» **WHAT NEEDS TO BE DONE**
Transcribe, word for word, all of the entries below, and exclude any pictures from the copy.

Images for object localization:
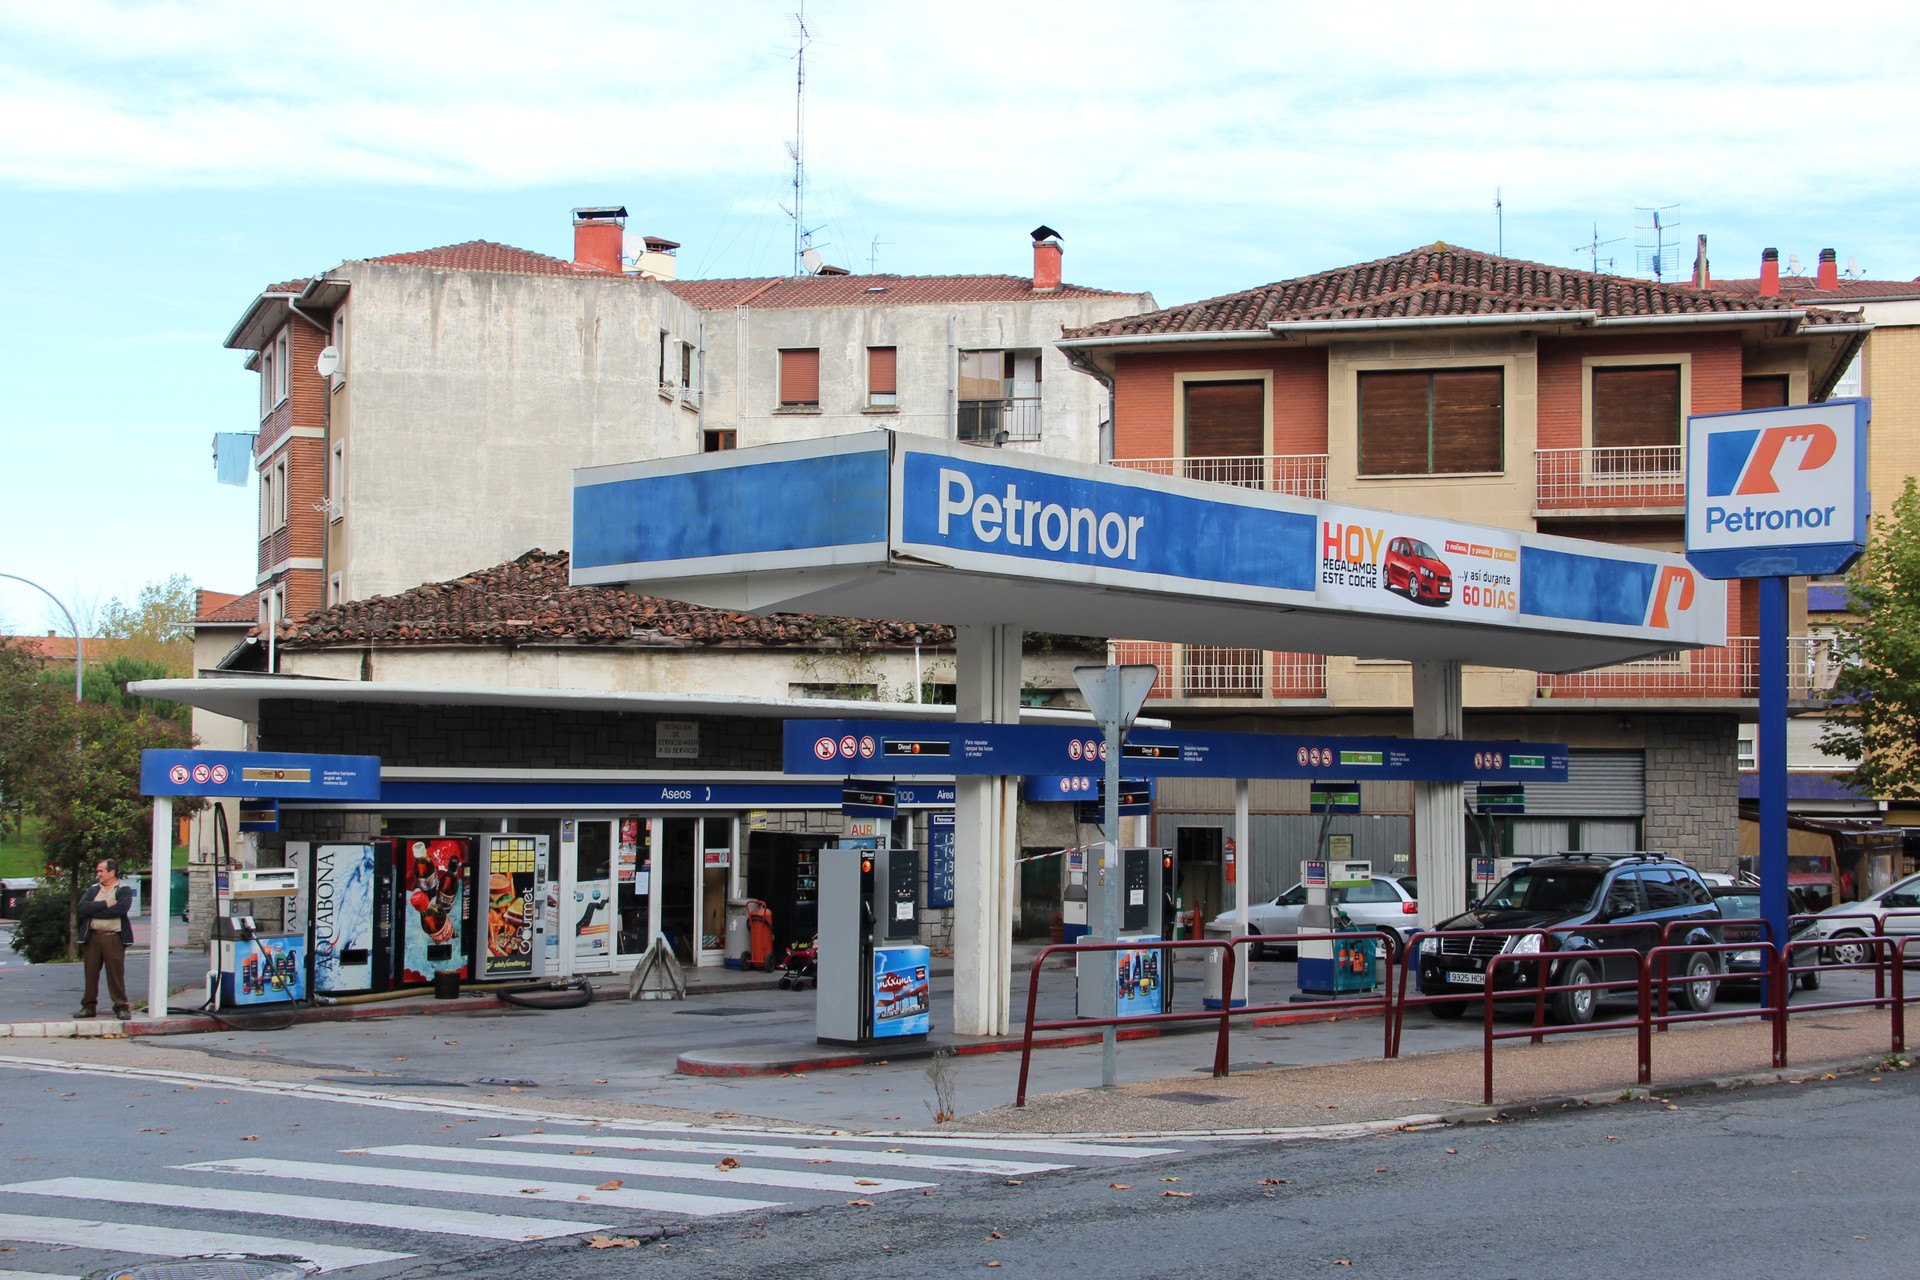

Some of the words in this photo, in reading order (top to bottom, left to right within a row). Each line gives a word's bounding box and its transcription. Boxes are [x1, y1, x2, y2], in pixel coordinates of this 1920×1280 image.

[938, 467, 1145, 560] Petronor
[1706, 504, 1836, 533] Petronor
[1323, 521, 1385, 565] HOY
[1322, 558, 1377, 575] REGALAMOS
[1322, 572, 1344, 585] ESTE
[1348, 574, 1377, 588] COCHE
[1470, 569, 1481, 581] así
[1483, 571, 1511, 585] durante
[1463, 585, 1480, 606] 60
[1483, 583, 1516, 611] DÍAS
[661, 787, 691, 799] Aseos
[936, 789, 954, 799] Airea
[231, 901, 239, 913] 8
[316, 852, 335, 971] AQUABONA
[877, 974, 914, 990] máxima
[1451, 973, 1469, 982] 9325
[1471, 974, 1485, 983] HCH
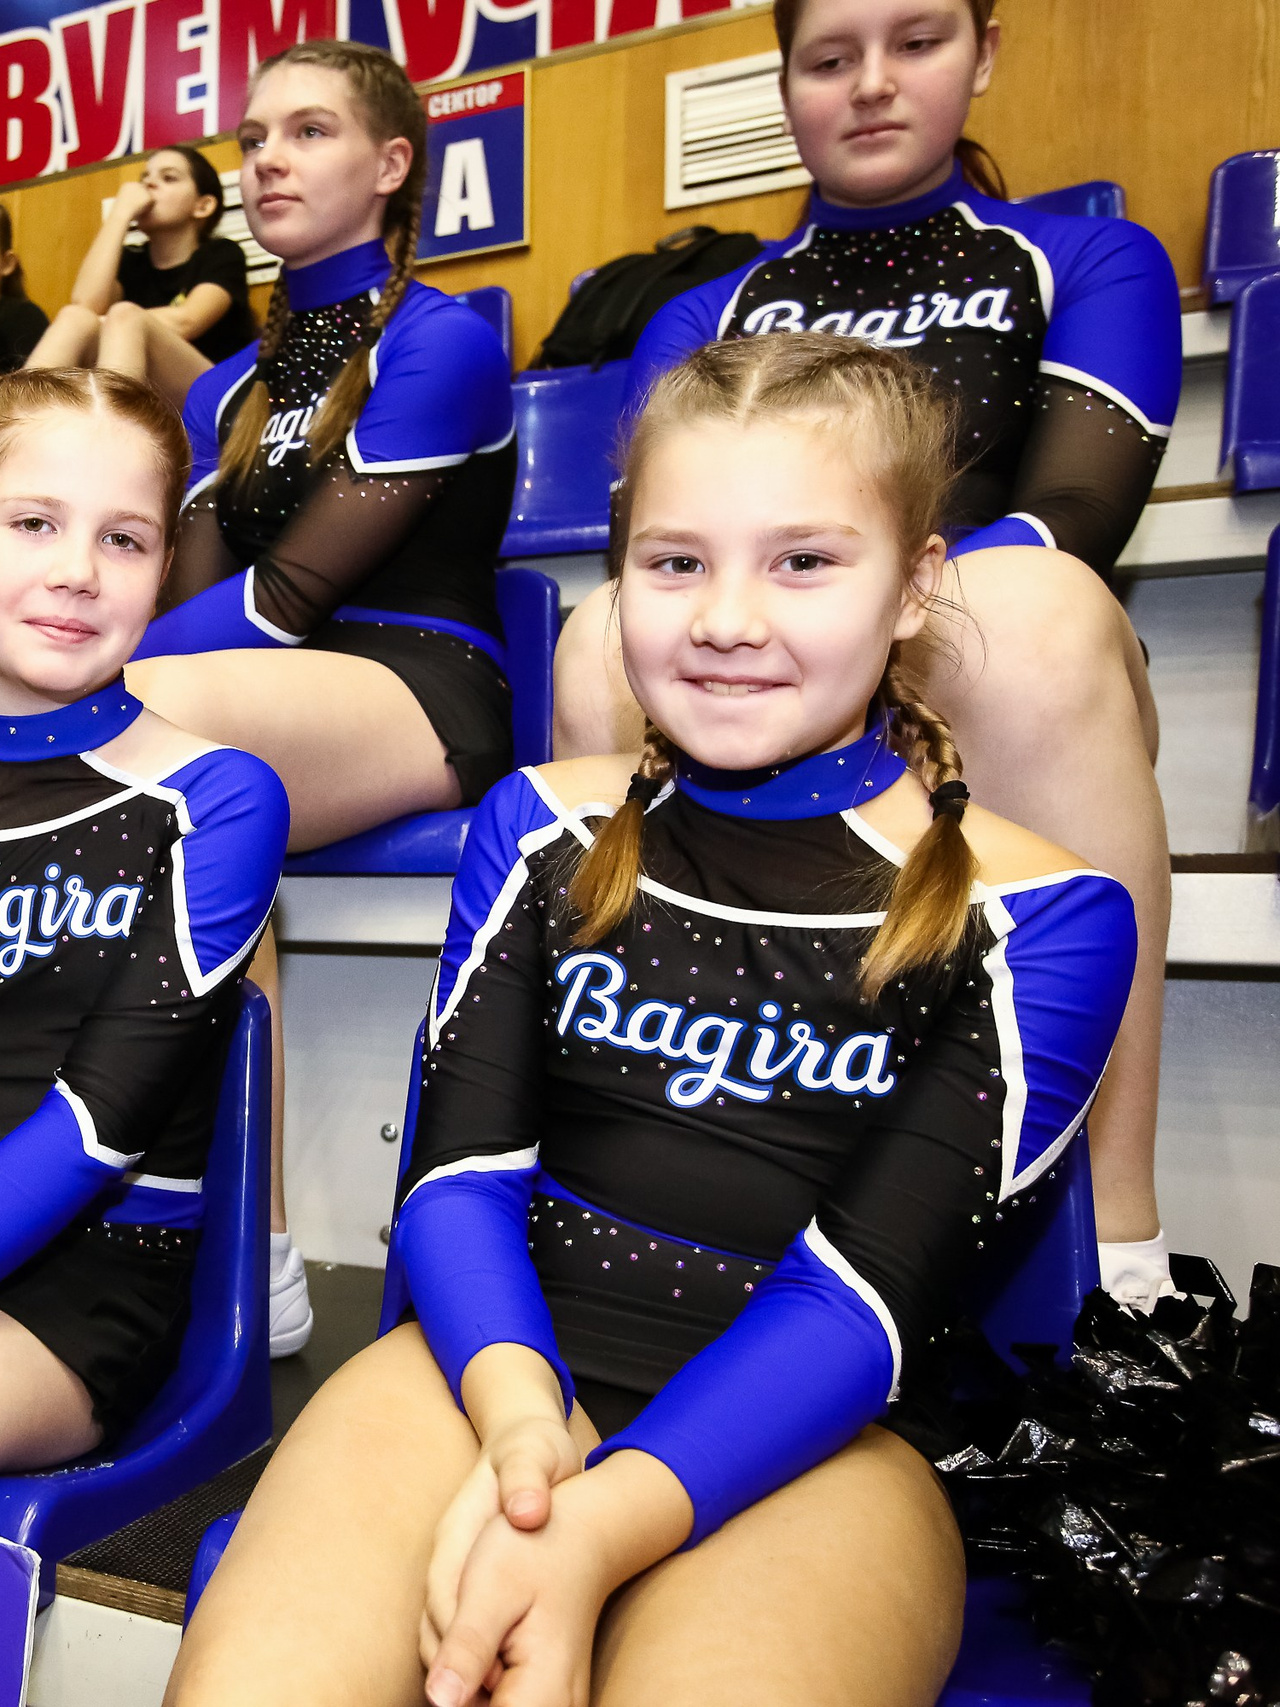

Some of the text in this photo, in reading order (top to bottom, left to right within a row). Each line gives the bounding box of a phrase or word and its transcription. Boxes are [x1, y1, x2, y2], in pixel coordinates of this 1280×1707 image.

[427, 80, 503, 118] СЕКТОР
[260, 392, 326, 467] agi
[554, 951, 897, 1108] Bagira

» **ANSWER**
Some of the words in this photo, in reading order (top to bottom, left to right within a row). Each line gives a word's bounding box and its transcription. Boxes are [x1, y1, x2, y2], in pixel coordinates of this 1920×1280 image.

[938, 467, 1145, 560] Petronor
[1706, 504, 1836, 533] Petronor
[1323, 521, 1385, 565] HOY
[1322, 558, 1377, 575] REGALAMOS
[1322, 572, 1344, 585] ESTE
[1348, 574, 1377, 588] COCHE
[1470, 569, 1481, 581] así
[1483, 571, 1511, 585] durante
[1463, 585, 1480, 606] 60
[1483, 583, 1516, 611] DÍAS
[661, 787, 691, 799] Aseos
[936, 789, 954, 799] Airea
[231, 901, 239, 913] 8
[316, 852, 335, 971] AQUABONA
[877, 974, 914, 990] máxima
[1451, 973, 1469, 982] 9325
[1471, 974, 1485, 983] HCH

Some of the text in this photo, in reading order (top to bottom, left to right within a row). Each line gives the bounding box of a phrase or word and its transcription. Boxes are [x1, y1, x2, y2], in pixel coordinates of this 1280×1707 image.

[427, 80, 503, 118] СЕКТОР
[260, 392, 326, 467] agi
[554, 951, 897, 1108] Bagira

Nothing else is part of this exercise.